:: Task data

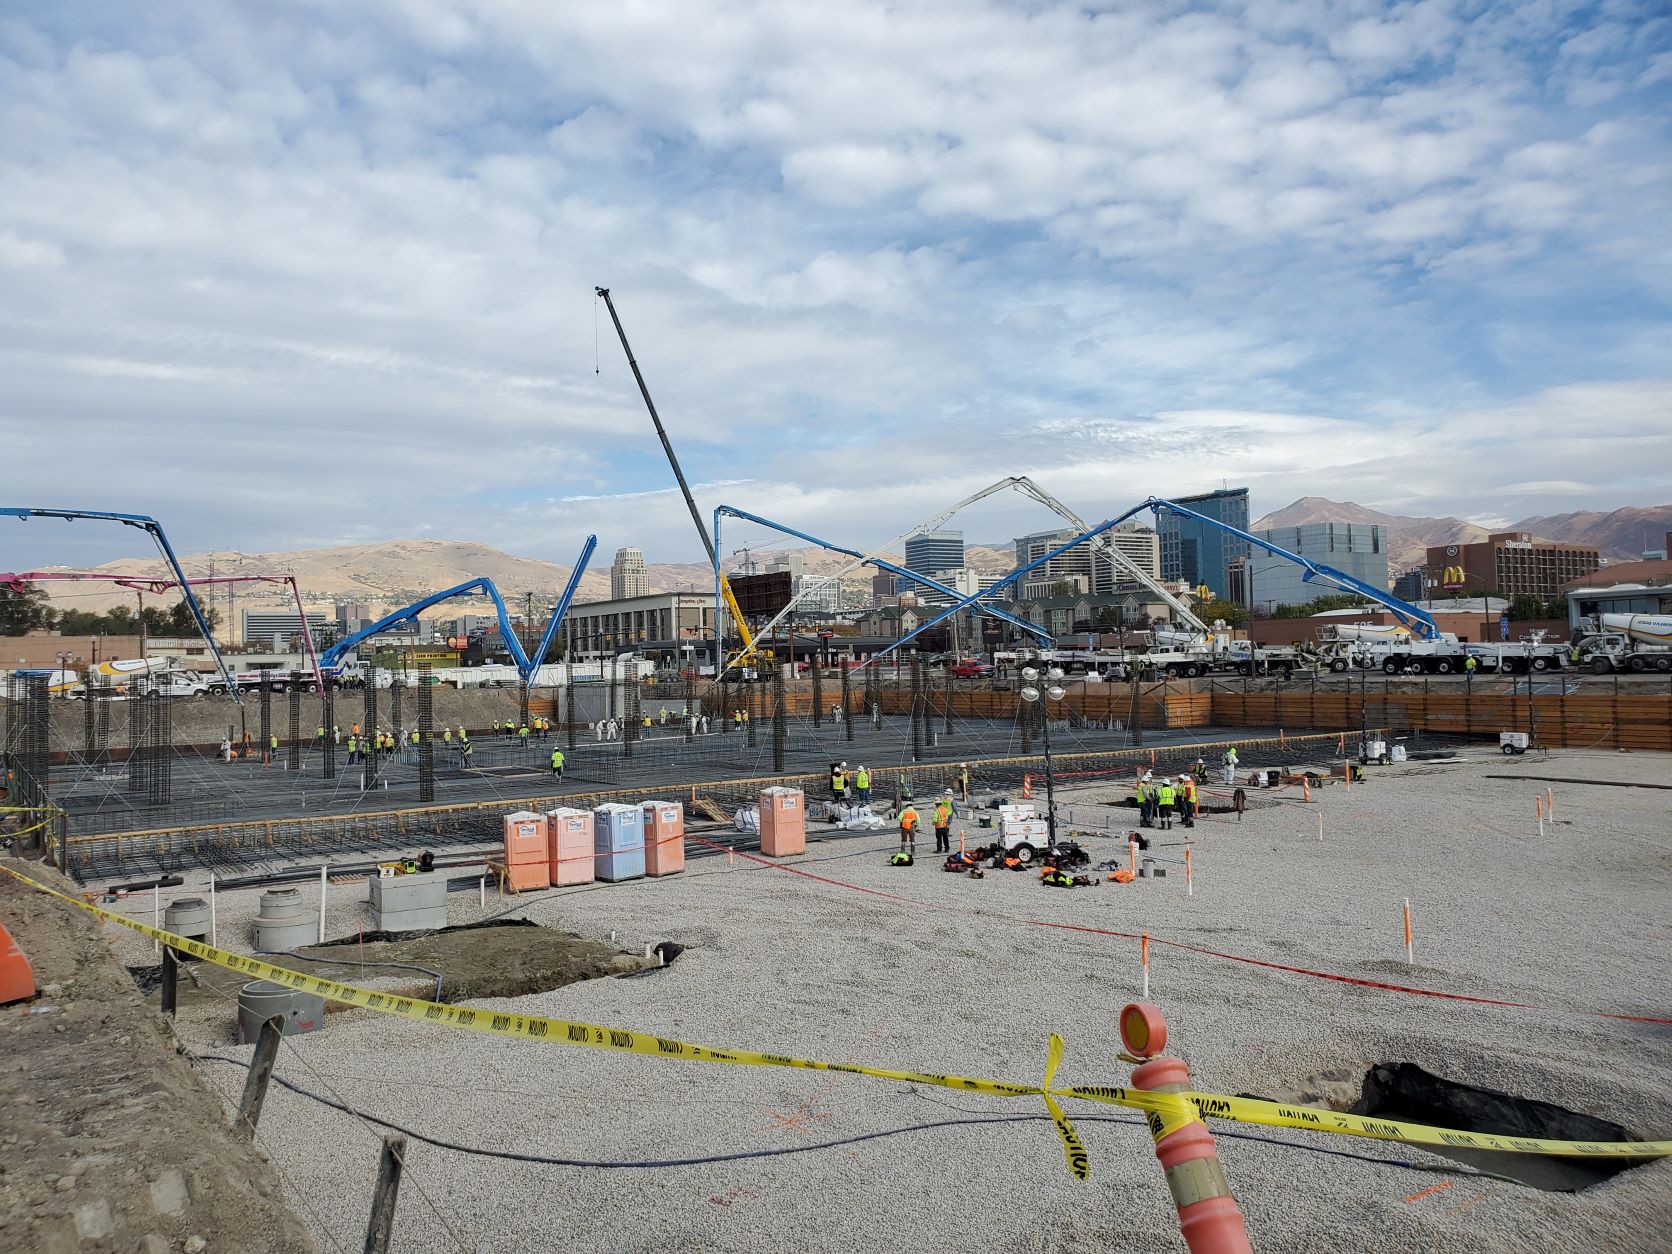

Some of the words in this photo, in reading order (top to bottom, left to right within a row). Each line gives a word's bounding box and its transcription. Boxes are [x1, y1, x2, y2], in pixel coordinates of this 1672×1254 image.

[424, 1004, 443, 1020] CAUTION
[456, 1010, 475, 1026] CAUTION
[490, 1015, 511, 1031] CAUTION
[527, 1020, 548, 1037] CAUTION
[567, 1025, 588, 1043] CAUTION
[608, 1031, 634, 1049] CAUTION

::::

The records above must be retyped exactly. Please omit the pictures.

Some of the words in this photo, in reading order (top to bottom, left to right within a row). Each line gives a word's bounding box and its transcription. Boxes are [x1, y1, x2, y2], in pixel coordinates of this 1672×1254 image.

[424, 1004, 443, 1020] CAUTION
[456, 1010, 475, 1026] CAUTION
[490, 1015, 511, 1031] CAUTION
[527, 1020, 548, 1037] CAUTION
[567, 1025, 588, 1043] CAUTION
[608, 1031, 634, 1049] CAUTION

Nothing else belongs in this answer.